→ Problem details
Return the listing exactly as it appears, but strip out the images.

→ Available data
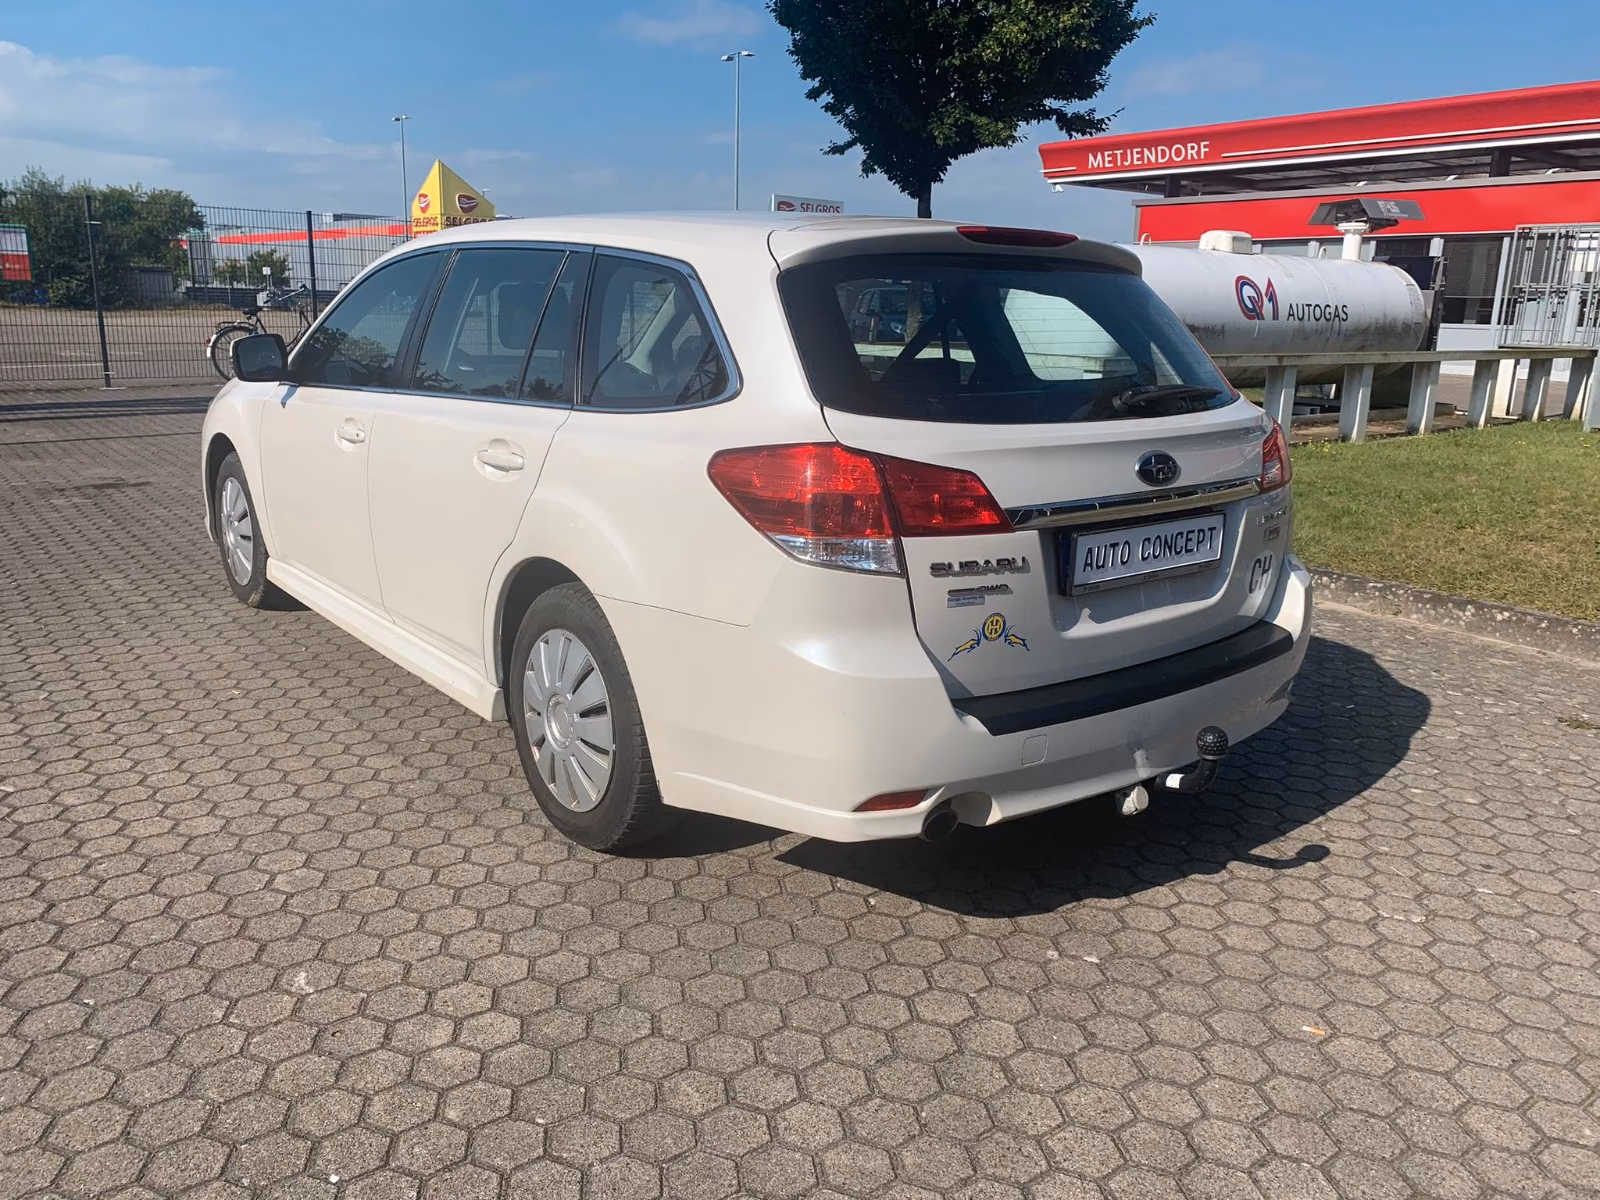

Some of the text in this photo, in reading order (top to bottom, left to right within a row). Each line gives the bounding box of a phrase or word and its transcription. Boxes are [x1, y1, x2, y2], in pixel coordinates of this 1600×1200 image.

[1088, 141, 1210, 169] METJENDORF
[1234, 275, 1279, 321] Q1
[1286, 303, 1349, 322] AUTOGAS
[1083, 526, 1217, 572] AUTO CONCEPT
[929, 556, 1031, 578] SUBARU
[1249, 554, 1273, 594] CH

→ Response below
Some of the text in this photo, in reading order (top to bottom, left to right within a row). Each line gives the bounding box of a phrase or word and its transcription. Boxes are [x1, y1, x2, y2], in pixel coordinates of this 1600×1200 image.

[1088, 141, 1210, 169] METJENDORF
[1234, 275, 1279, 321] Q1
[1286, 303, 1349, 322] AUTOGAS
[1083, 526, 1217, 572] AUTO CONCEPT
[929, 556, 1031, 578] SUBARU
[1249, 554, 1273, 594] CH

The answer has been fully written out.